Sepenggal Cerita Anak dan Orang Tua

Hari Jum’at pukul 11.00, aku sampai di sebuah gedung tempat aku akan melaksanakan sebuah tes kerja. Hari itu aku bersama bapak dan ibuku, yang mengantarku ke tempat tes. Sebelum tes berlangsung kusujud tangan mereka, kucium pipi dan kening keduanya. “Bapak, ibu.. tolong doakan aku, semoga dapat hasil yang terbaik” begitu pintaku pada mereka. Kedua nya meng iya kan, dan memberiku semangat agar berhasil dalam mengerjakan tes, dengan tatapan sayang nya, dengan senyum hangatnya.

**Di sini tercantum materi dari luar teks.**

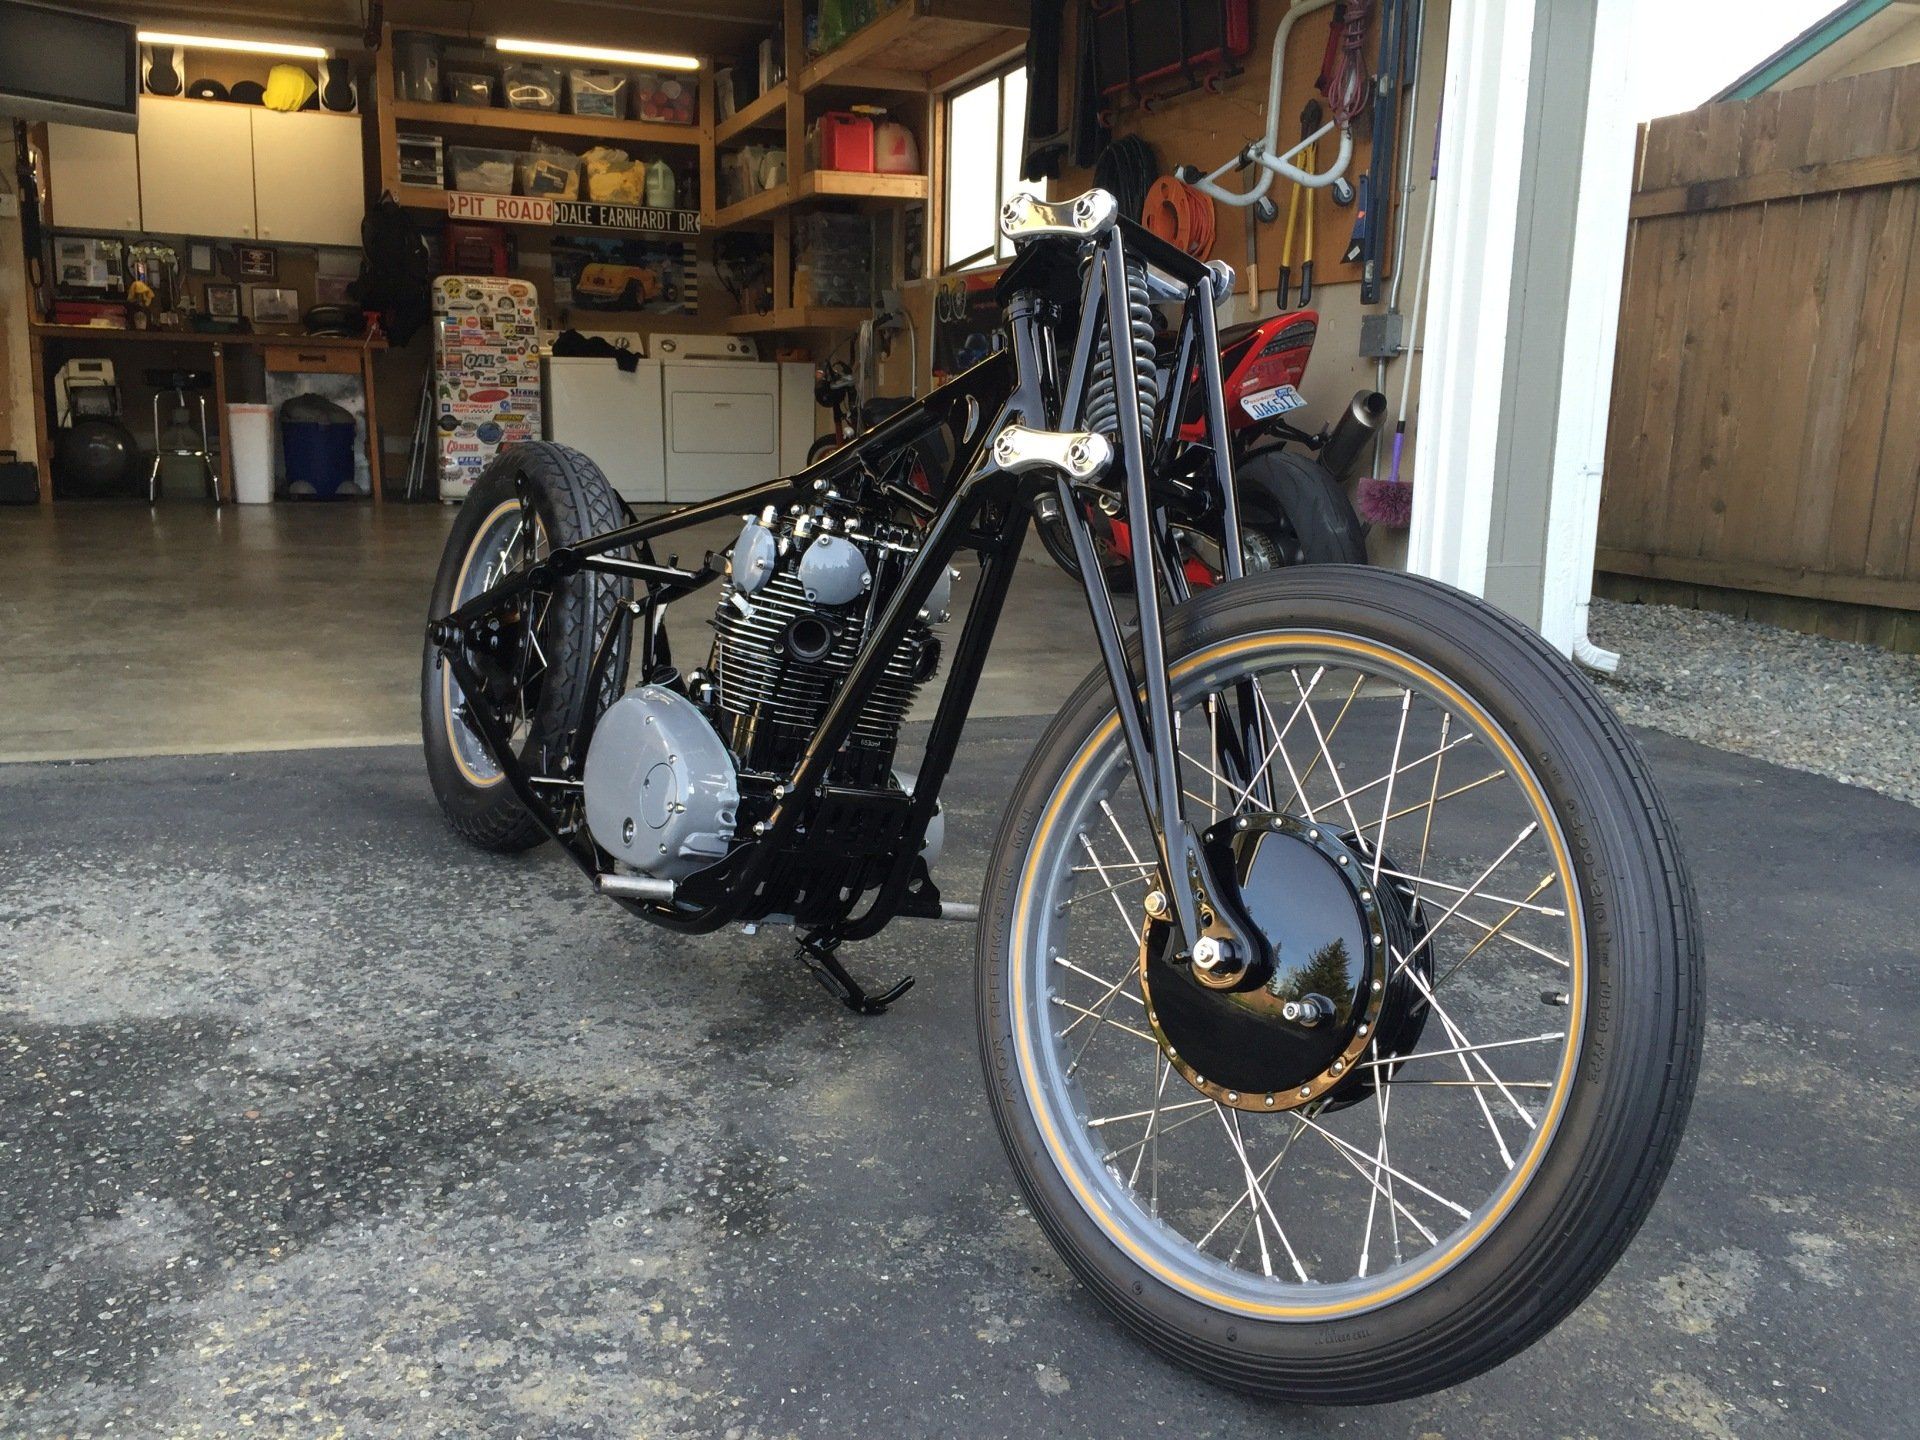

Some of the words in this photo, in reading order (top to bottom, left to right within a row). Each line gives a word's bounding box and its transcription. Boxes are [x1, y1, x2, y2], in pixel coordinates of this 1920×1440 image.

Beberapa jam berlalu, aku pun selesai mengerjakan tes. Jujur tes ini lebih sulit dari tes sebelum nya. Aku pun keluar ruangan dengan langkah lunglai dan wajah di tekuk. Senyum ku pahit, dan ku sujud kembali tangan kedua orang tuaku saat bertemu seusai tes dengan senyum kelu itu. Tapi yang membuat ku lebih kelu, wajah ibu yang sangat lesu, lebih lesu dari senyum ku. “Kenapa bu..?” tanyaku pada Ibu. “Tidak apa nak, ibu cuma lesu mendengar perjuangan orang-orang yang ibu temui selama kamu tes ini, ada yang sudah lulus dari tahun 2014, ada yang bawa anak nya dari lubuk linggau, dan sebagainya” ibu bercerita banyak. Kemudian aku memeluk nya, “iya bu, kita semua sudah berjuang, setiap orang sedang berjuang di jalan nya masing-masing”. “Makanya Ayuk (panggilan saya di rumah, artinya ‘mbak’ dalam bahasa Palembang), harus semangat ya, jangan lesu!” katanya padaku meski dengan wajah yang masih lesu. Kembali ku peluk erat beliau. “Iyaa bu, pasti” jawabku dengan senyum yang masih setengah lesu wkwk.

Ku pandang lagi ibuku dan ayahku. Kedua sosok ini, adalah yang paling tulus mencintaiku, tanpa syarat. Aku tau perjuangan mereka membesarkan ku, dari semenjak aku kecil sampai dewasa kini. Orang yang pertama bahagia saat aku bahagia, orang yang begitu sedih ketika aku sedih. Demi keduanya aku berjanji, ingin jadi lebih baik lagi, lebih berbakti lagi, lebih keras lagi mencari rezeki.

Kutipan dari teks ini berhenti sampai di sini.